Aku menoleh ke arah Adrian, dia tampak sedikit terkejut melihat kuburan Asih.

Ma Bahar terduduk lesu, entah apa yang sedang ia pikirkan.

“Asih, maafkan Bapak!”

Dahiku mengernyit, aku pikir ia akan curiga terhadapku, ternyata ia meratapi kuburan Asih.

Aku menghela napas lega sembari mengelus dada.

“Sudah, Mas, jangan sedih begitu,” ucapku, pura-pura menenangkan. Padahal ini hanyalah gundukan tanah.

“Adrian, mana buku Yasin yang kamu bawa?” Mas Bahar menadahkan tangannya, mengisyaratkan agar Adrian memberikan buku Yasin itu.

“Ini, Pak.”

Aneh, tapi ya sudahlah. Hanya aku saja yang tahu, kalau kuburan ini kosong, percuma juga dibacakan doa. Asih sudah menjadi budak iblis di sana.

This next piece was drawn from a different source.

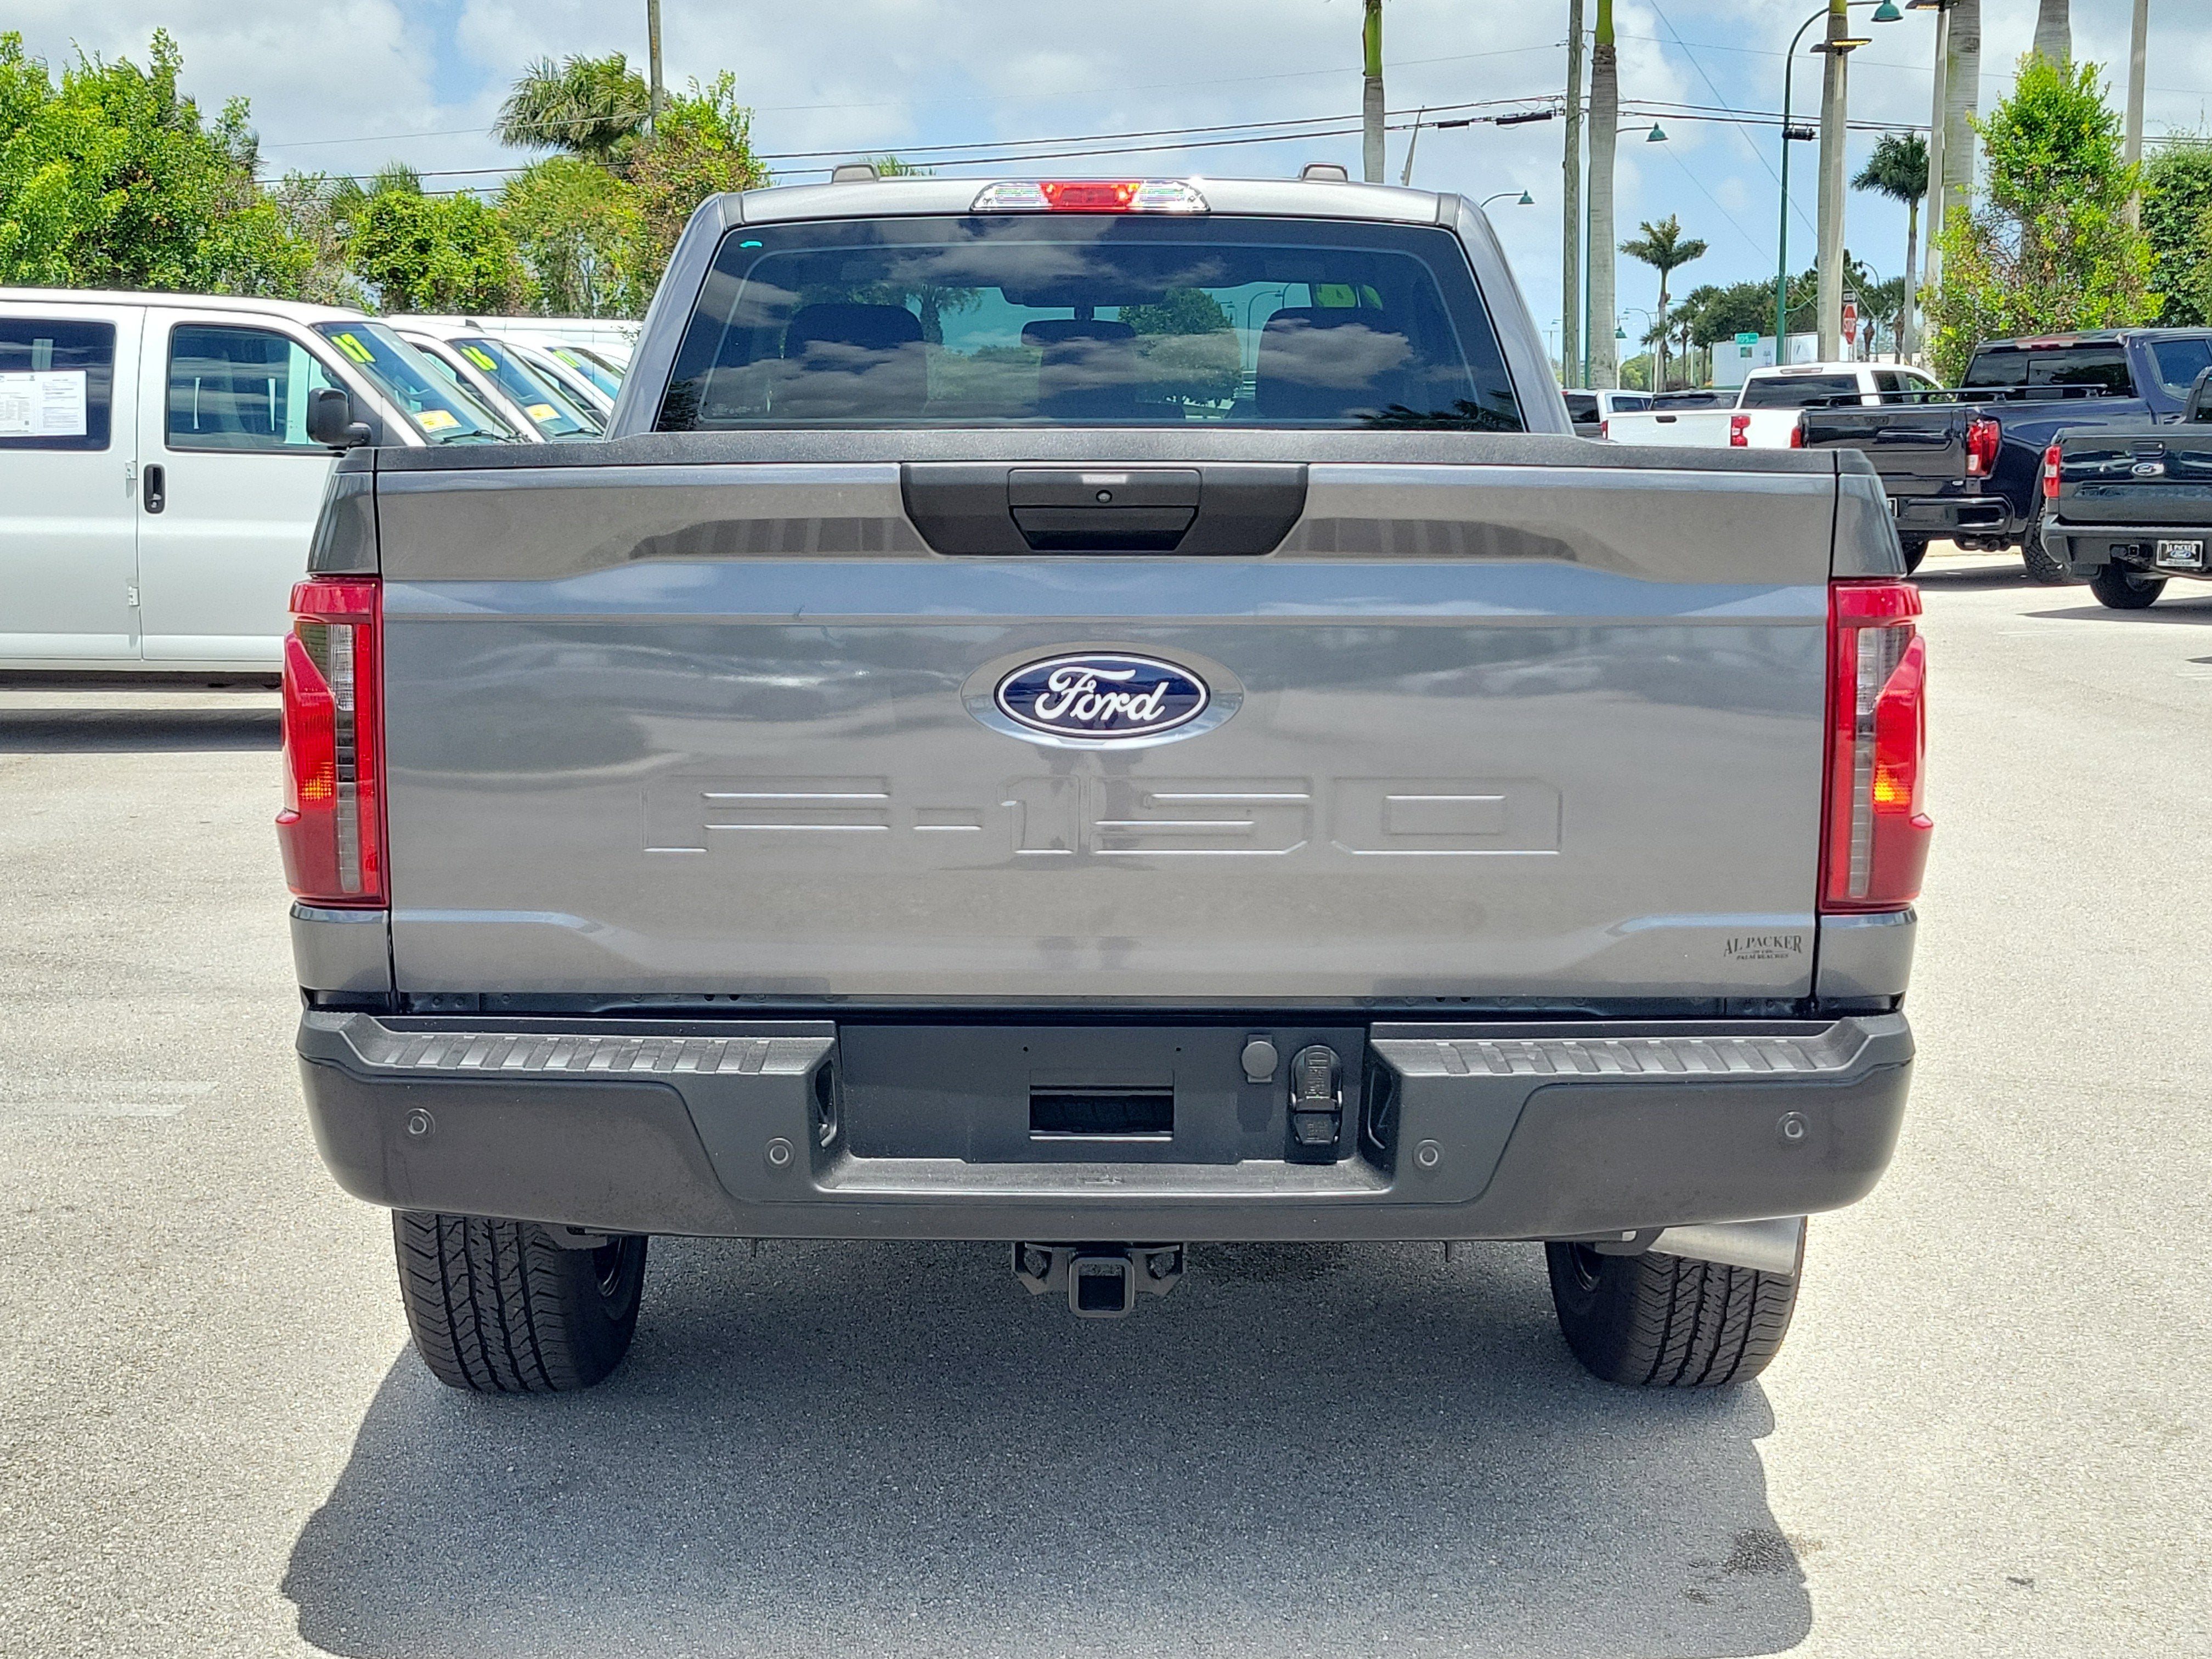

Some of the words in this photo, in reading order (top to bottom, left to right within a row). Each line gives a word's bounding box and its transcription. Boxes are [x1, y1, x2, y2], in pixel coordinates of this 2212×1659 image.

[1034, 665, 1170, 721] Ford
[642, 774, 1562, 855] F-150
[1723, 938, 1742, 957] AL
[1746, 935, 1802, 954] PACKER

“Mas, jangan lama-lama, ya. Perutku sudah mulai sakit,” bisikku pelan, ia hanya membalas dengan anggukan.

Setelah beberapa menit aku berpura-pura, akhirnya kami kembali ke rumah, tetapi perutku sudah tak karuan sekali.

“Mas, tolong, Mas!” Aku merintih kesakitan, sembari menggapai tangan Mas Bahar yang berjalan tepat di depanku.

“Ada apa, Sania? Perutmu kenapa?” Ia tampak sangat takut dan khawatir.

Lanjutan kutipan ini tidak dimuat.